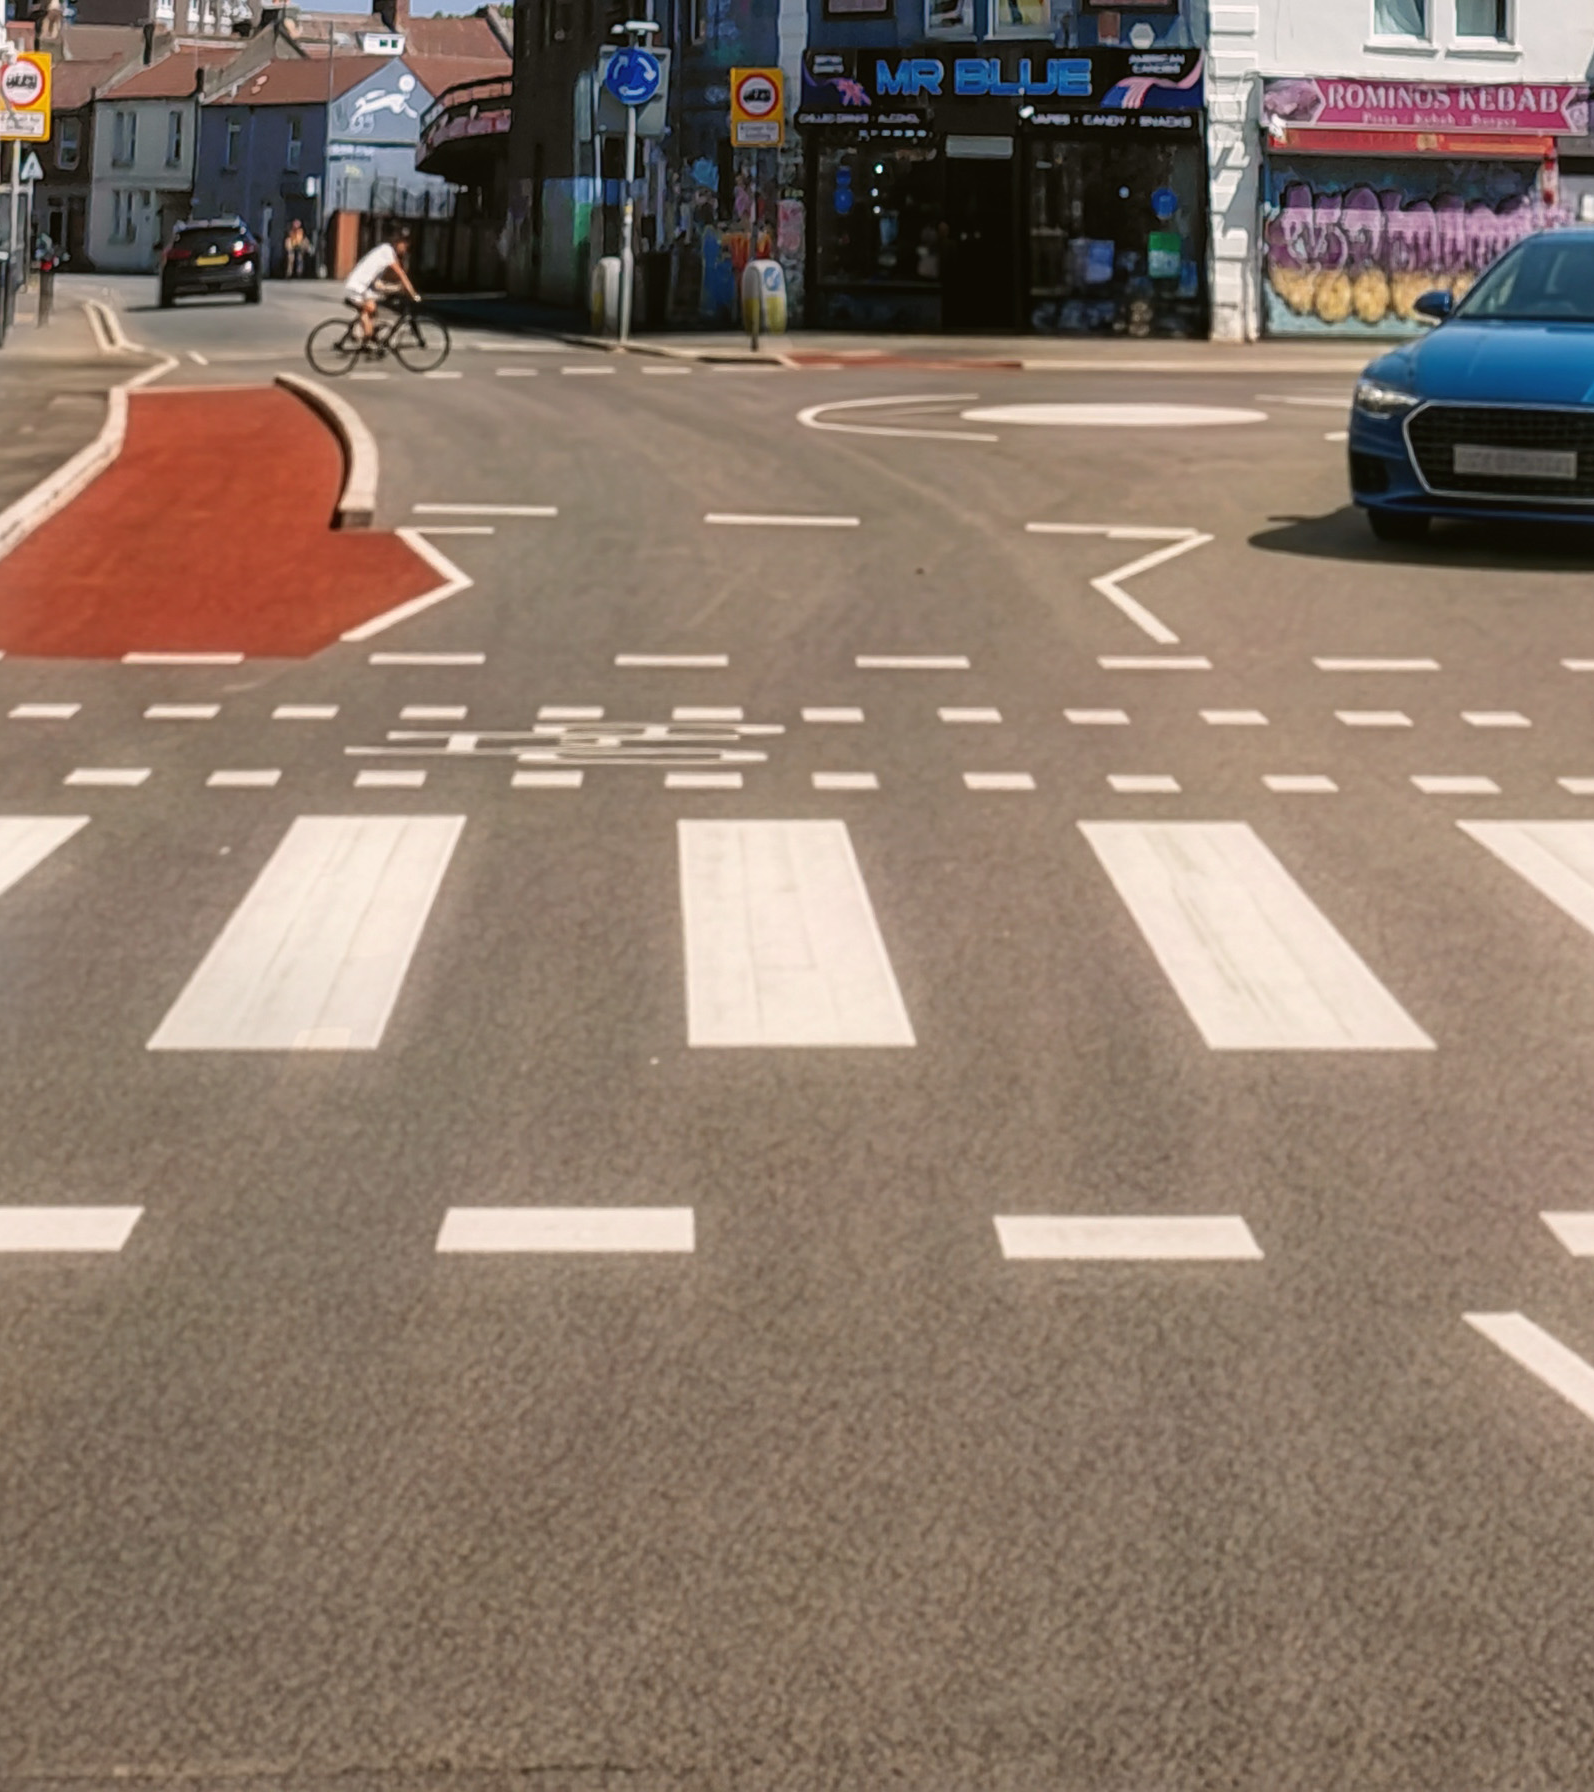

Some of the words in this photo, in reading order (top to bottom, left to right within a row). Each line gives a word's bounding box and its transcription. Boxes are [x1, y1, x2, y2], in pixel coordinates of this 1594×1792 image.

[876, 59, 944, 96] MR
[954, 58, 1093, 97] BLUE
[1459, 87, 1558, 114] KEBAB
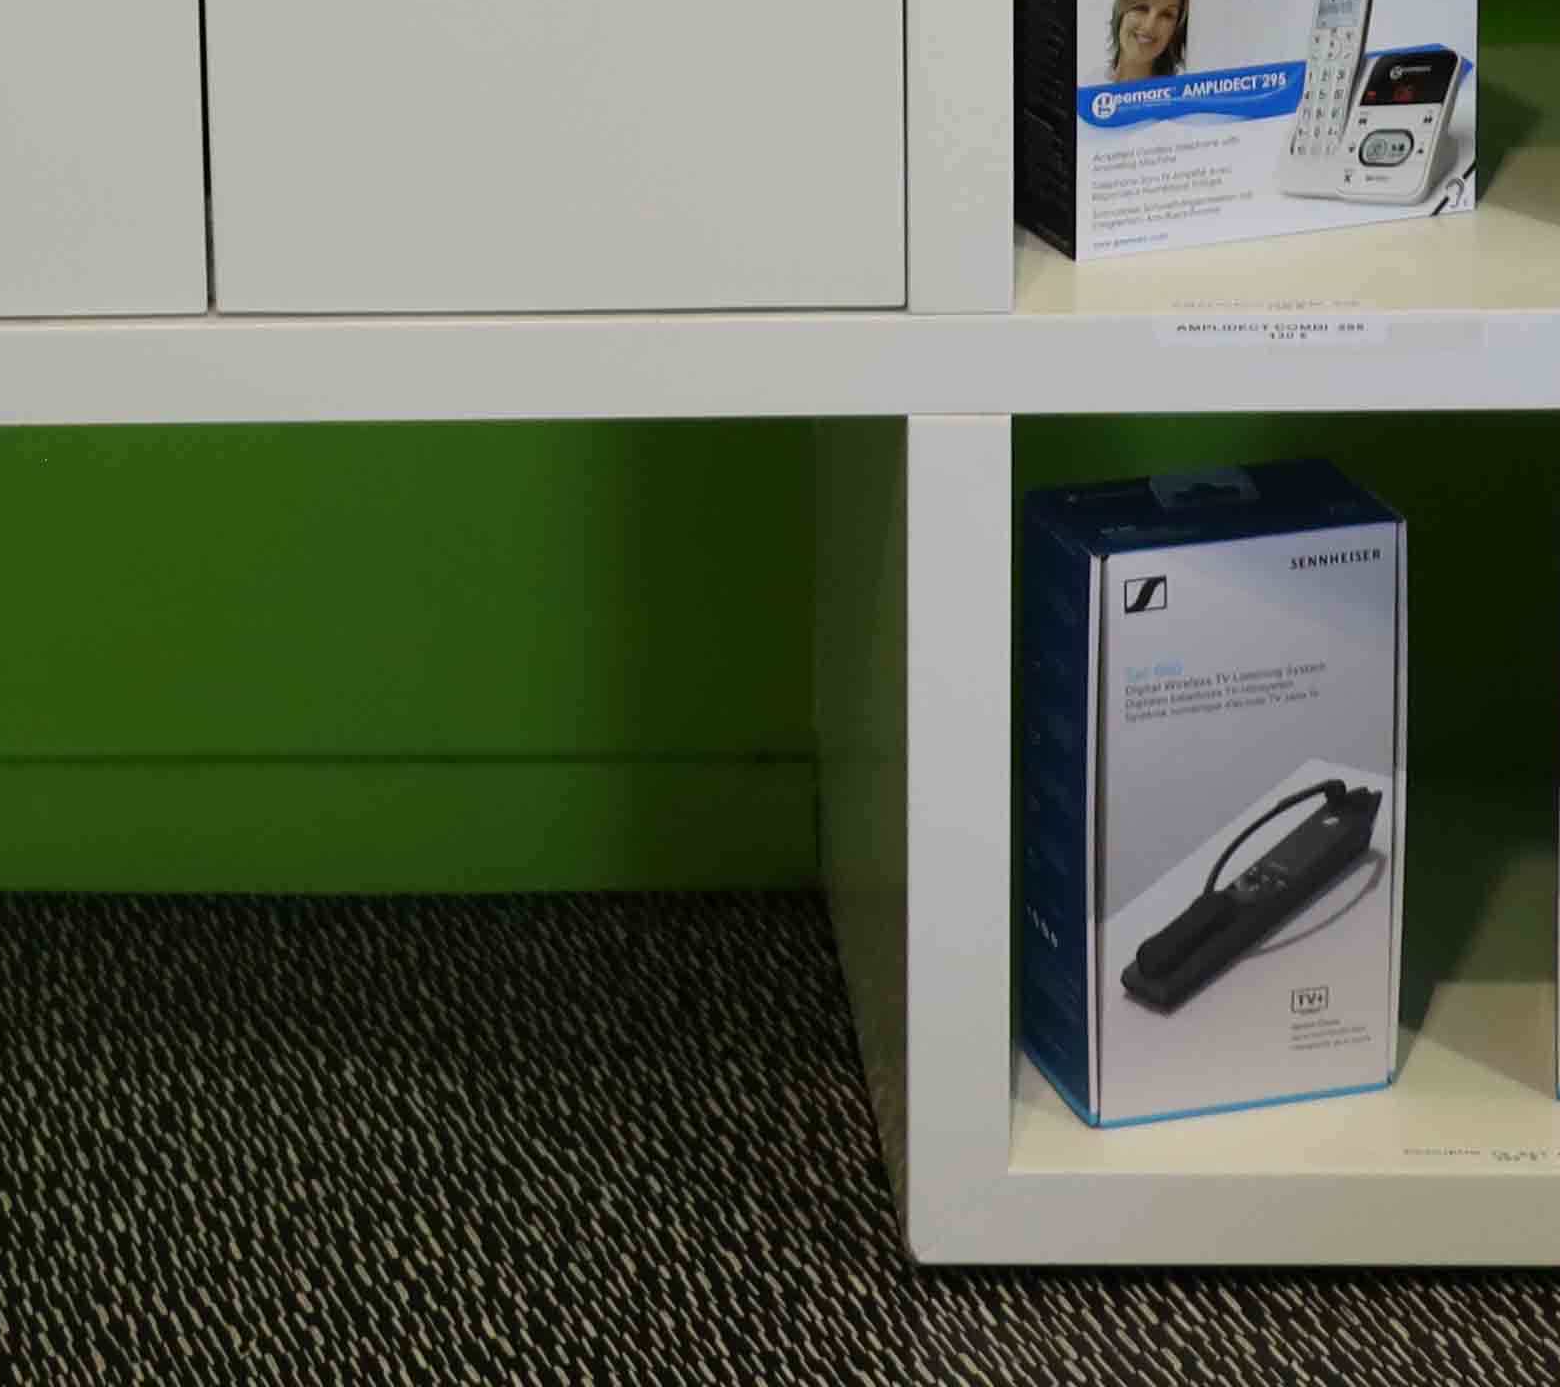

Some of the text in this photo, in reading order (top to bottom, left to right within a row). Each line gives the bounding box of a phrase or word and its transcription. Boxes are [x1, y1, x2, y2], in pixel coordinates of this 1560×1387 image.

[1183, 72, 1286, 98] AMPLIDECT 295
[1291, 549, 1381, 571] SENNHEISER

____________________

— EXERCISE —
What you give back must match the material above exactly, minus its pictures.

— PROBLEM SOLUTION —
Some of the words in this photo, in reading order (top to bottom, left to right within a row). Each line gives a word's bounding box and its transcription. Boxes are [x1, y1, x2, y2], in pixel coordinates of this 1594×1792 image.

[876, 59, 944, 96] MR
[954, 58, 1093, 97] BLUE
[1459, 87, 1558, 114] KEBAB

Some of the text in this photo, in reading order (top to bottom, left to right within a row). Each line gives the bounding box of a phrase or word and its transcription. Boxes are [x1, y1, x2, y2], in pixel coordinates of this 1560×1387 image.

[1183, 72, 1286, 98] AMPLIDECT 295
[1291, 549, 1381, 571] SENNHEISER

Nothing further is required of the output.